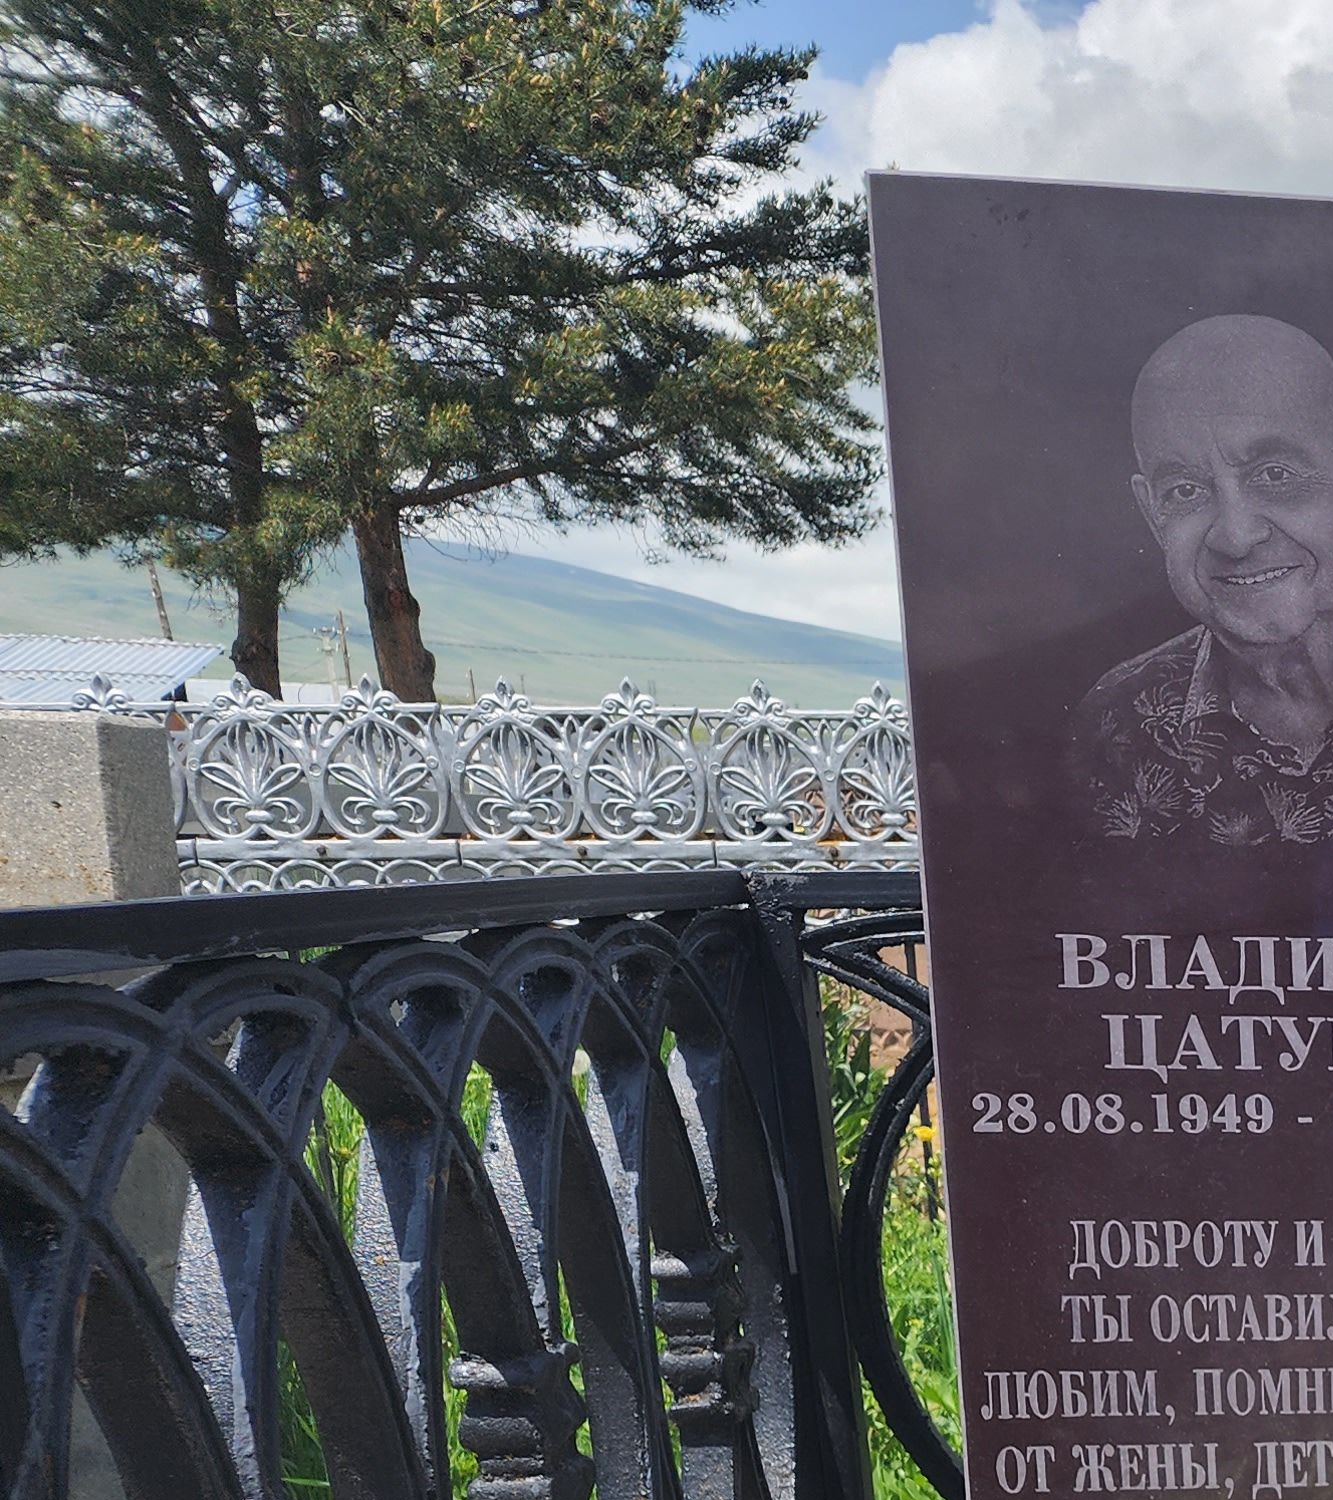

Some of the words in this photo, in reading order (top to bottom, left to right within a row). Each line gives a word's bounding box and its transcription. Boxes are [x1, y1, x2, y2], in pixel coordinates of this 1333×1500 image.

[971, 1092, 1274, 1135] 28.08.1949
[1069, 1219, 1280, 1281] ДОБРОТУ
[1293, 1219, 1327, 1267] И
[1060, 1294, 1134, 1343] ТЫ
[980, 1369, 1176, 1426] ЛЮБИМ,
[995, 1445, 1056, 1494] ОТ
[1071, 1442, 1235, 1500] ЖЕНЫ,
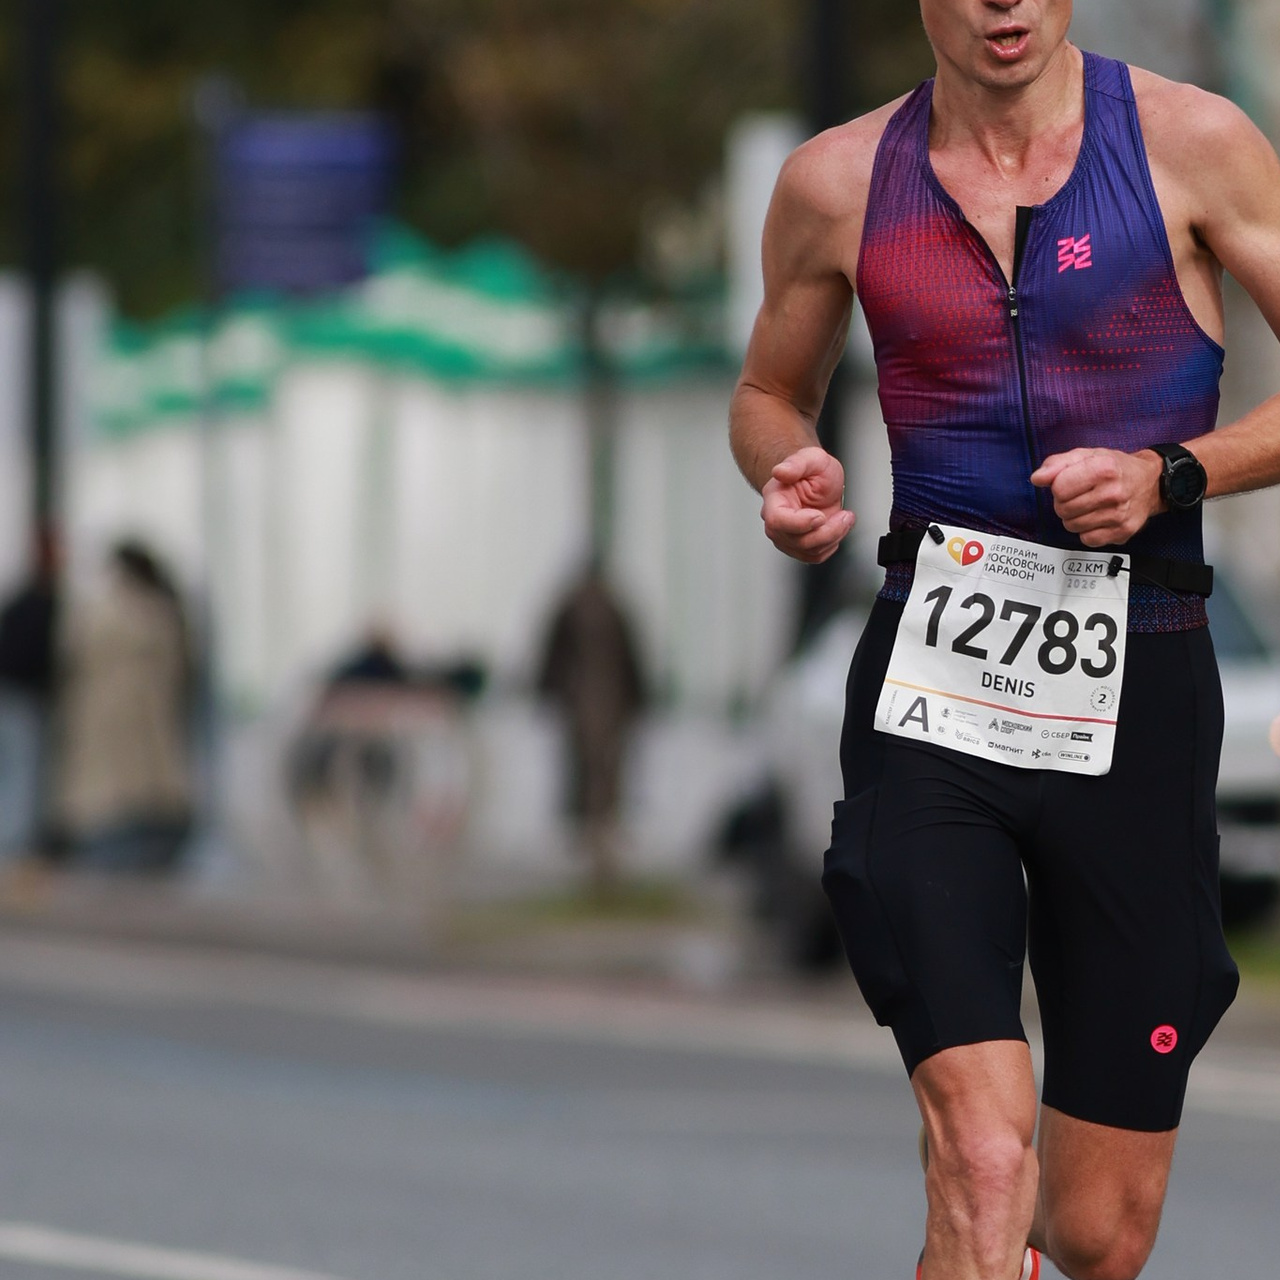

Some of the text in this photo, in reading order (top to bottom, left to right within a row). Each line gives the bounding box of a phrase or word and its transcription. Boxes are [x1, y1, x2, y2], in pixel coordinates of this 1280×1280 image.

[924, 585, 1118, 679] 12783
[981, 672, 1036, 698] DENIS
[1098, 693, 1107, 704] 2
[898, 696, 929, 733] A
[1051, 731, 1070, 739] СБЕР
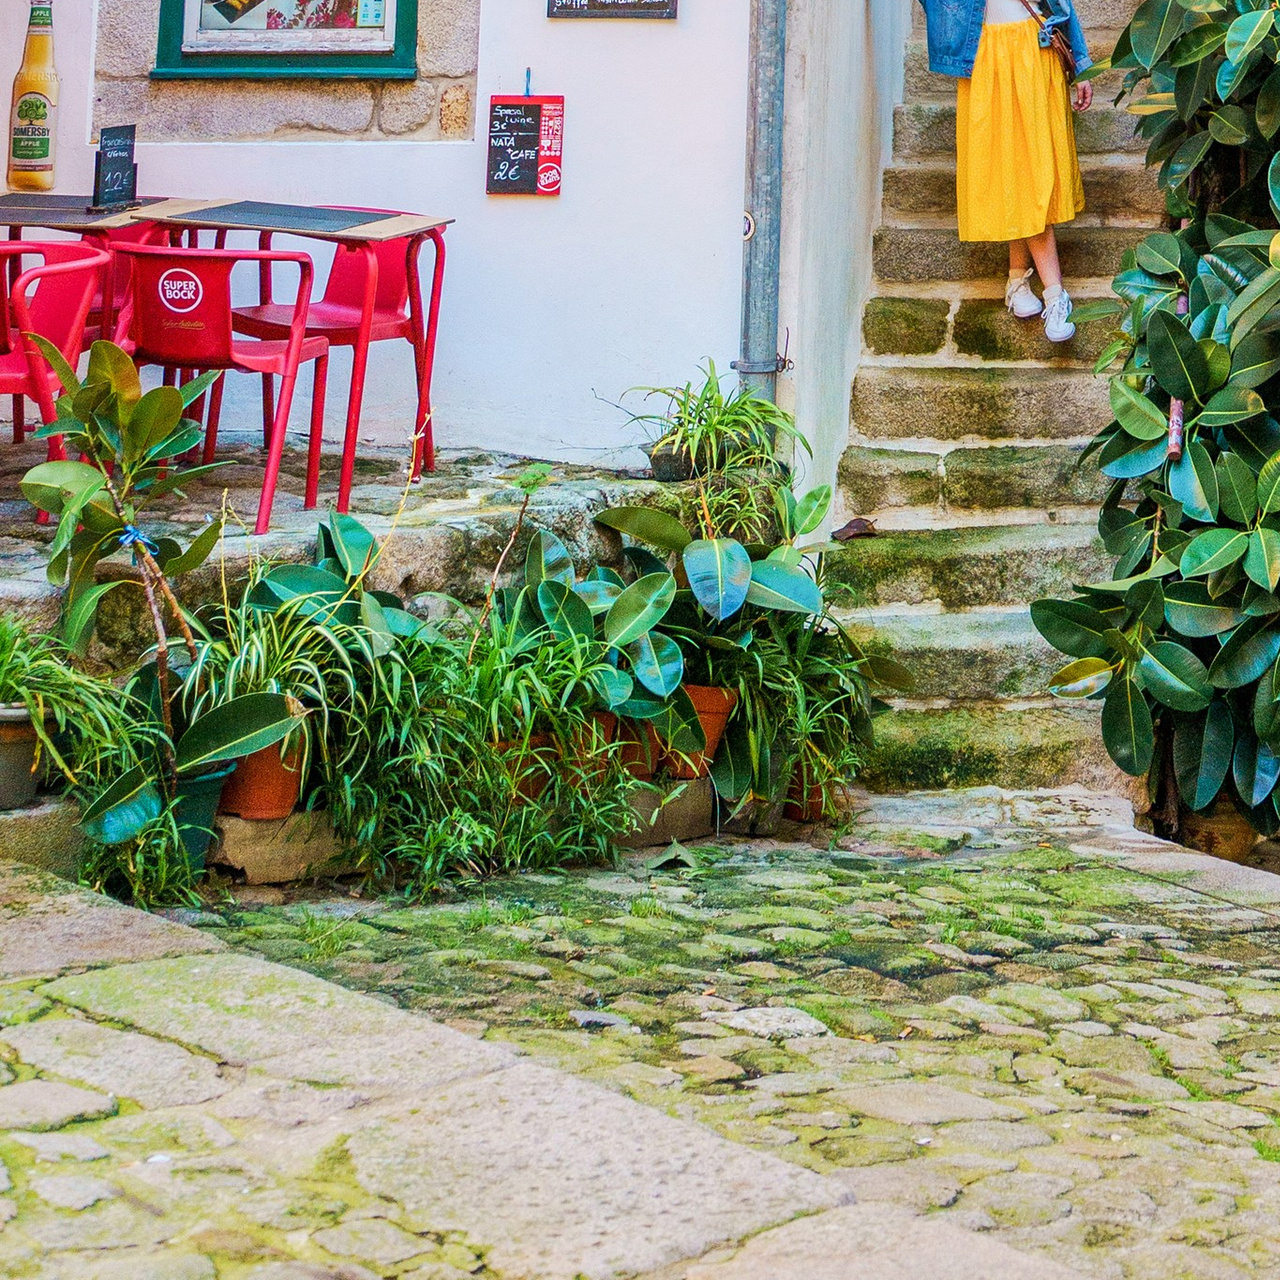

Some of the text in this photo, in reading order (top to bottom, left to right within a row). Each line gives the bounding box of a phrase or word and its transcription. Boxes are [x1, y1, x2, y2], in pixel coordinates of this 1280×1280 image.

===============

> **WORK INSTRUCTIONS**
Give the listing again exactly, minus its images.

> **TASK OUTPUT**
Some of the words in this photo, in reading order (top to bottom, left to right within a row). Each line gives a word's bounding box and its transcription. Boxes are [x1, y1, x2, y2], in pixel coordinates of this 1333×1500 image.

[971, 1092, 1274, 1135] 28.08.1949
[1069, 1219, 1280, 1281] ДОБРОТУ
[1293, 1219, 1327, 1267] И
[1060, 1294, 1134, 1343] ТЫ
[980, 1369, 1176, 1426] ЛЮБИМ,
[995, 1445, 1056, 1494] ОТ
[1071, 1442, 1235, 1500] ЖЕНЫ,

Some of the text in this photo, in reading order (top to bottom, left to right within a row). Each line gives the bounding box of a phrase or word and its transcription. Boxes are [x1, y1, x2, y2], in pixel coordinates of this 1280×1280 image.

[924, 585, 1118, 679] 12783
[981, 672, 1036, 698] DENIS
[1098, 693, 1107, 704] 2
[898, 696, 929, 733] A
[1051, 731, 1070, 739] СБЕР

Some of the text in this photo, in reading order (top to bottom, left to right within a row). Each line gives the bounding box of a phrase or word and its transcription. Boxes are [x1, y1, x2, y2], in pixel coordinates of this 1280×1280 image.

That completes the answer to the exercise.